By Dong Fangyu ( China Daily ) Updated: 2016-08-27 09:31:11

Dining in the lap of Mercedes luxury

Sanchuan fish-poached fish in Sichuan pepper oil. [Photo by Dong Fangyu/China Daily]

One dish that will no doubt captivate most diners is poached fish in Sichuan pepper oil, also called Sanchuan fish, prepared by the head chef, Song Tingjie, who has been in the trade for 25 years.

Think of the two classic fish dishes Guizhou poached fish in sour soup and Sichuan boiled fish in hot chili oil, and you will find Sanchuan fish is somehow a combination of the two, but is somehow a brand new taste sensation. A morsel of the freshwater bass fillets may be mild, but as you eat more, the tingling numbing sensation of Sichuan peppercorns will gradually fill your month. Spicy is not the melody, but a satisfying numbing of the taste buds is the beat that this dish produces.

Under the tender fillets lies the translucent cellophane noodles made from starch. They taste sweet, sour, a little spicy and have a slippery texture, similar to the Sichuan street food suan la fen (sour and hot noodles). As with the numbing fish, you will experience layers of flavors unfolding in your mouth.

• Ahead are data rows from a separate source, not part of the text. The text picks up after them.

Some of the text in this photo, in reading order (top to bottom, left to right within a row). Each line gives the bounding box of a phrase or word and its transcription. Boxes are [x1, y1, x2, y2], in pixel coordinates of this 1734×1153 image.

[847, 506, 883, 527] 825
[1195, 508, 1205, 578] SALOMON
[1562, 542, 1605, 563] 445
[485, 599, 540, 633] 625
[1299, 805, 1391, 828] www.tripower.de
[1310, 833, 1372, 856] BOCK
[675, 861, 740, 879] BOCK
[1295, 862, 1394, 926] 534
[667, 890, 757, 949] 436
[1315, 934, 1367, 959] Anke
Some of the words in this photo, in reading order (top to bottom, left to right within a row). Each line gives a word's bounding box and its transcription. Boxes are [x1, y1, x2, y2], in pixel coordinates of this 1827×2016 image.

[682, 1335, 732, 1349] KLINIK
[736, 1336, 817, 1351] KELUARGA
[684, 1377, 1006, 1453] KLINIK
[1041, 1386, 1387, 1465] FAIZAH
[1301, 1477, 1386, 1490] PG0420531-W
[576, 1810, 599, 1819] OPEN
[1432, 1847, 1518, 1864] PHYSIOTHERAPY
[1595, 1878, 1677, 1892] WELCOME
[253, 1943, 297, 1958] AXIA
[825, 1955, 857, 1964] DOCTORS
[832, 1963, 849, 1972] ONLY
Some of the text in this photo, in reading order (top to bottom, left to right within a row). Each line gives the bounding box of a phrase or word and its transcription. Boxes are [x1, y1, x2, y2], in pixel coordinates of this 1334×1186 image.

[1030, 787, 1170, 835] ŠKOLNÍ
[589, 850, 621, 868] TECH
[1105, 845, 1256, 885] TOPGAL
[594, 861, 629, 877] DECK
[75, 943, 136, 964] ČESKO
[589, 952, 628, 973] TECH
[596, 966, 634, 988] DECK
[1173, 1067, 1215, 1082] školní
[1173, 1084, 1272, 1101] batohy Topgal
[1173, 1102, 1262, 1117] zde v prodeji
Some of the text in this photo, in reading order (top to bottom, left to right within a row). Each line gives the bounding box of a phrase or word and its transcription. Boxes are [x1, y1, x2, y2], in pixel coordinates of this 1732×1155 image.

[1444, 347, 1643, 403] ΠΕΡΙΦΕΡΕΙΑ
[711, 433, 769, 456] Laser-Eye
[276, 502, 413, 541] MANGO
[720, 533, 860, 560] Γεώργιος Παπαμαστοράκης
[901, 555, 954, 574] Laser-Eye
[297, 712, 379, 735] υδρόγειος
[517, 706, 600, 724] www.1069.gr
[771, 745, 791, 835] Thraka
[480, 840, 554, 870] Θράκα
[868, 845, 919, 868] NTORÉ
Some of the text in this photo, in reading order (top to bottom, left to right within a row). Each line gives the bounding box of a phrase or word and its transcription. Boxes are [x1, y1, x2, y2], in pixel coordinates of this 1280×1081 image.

If the numbing Sanchuan fish does not suit your palate, go with another much milder and smoothing soupy dish that we also love, Dali's rice noodle in sour fish broth, which is very moreish. The broth is boiled with pre-fried fish bone till it turns creamy white. It then becomes the base for which rice noodles, fresh bass flesh and vegetables including straw mushroom, pickled mustard green, Yunnan big coriander and Guangdong flowering cabbage are stewed. The dish is very light in salt, while savory, and could strictly be a wonderful staple in itself in the absence of other orders.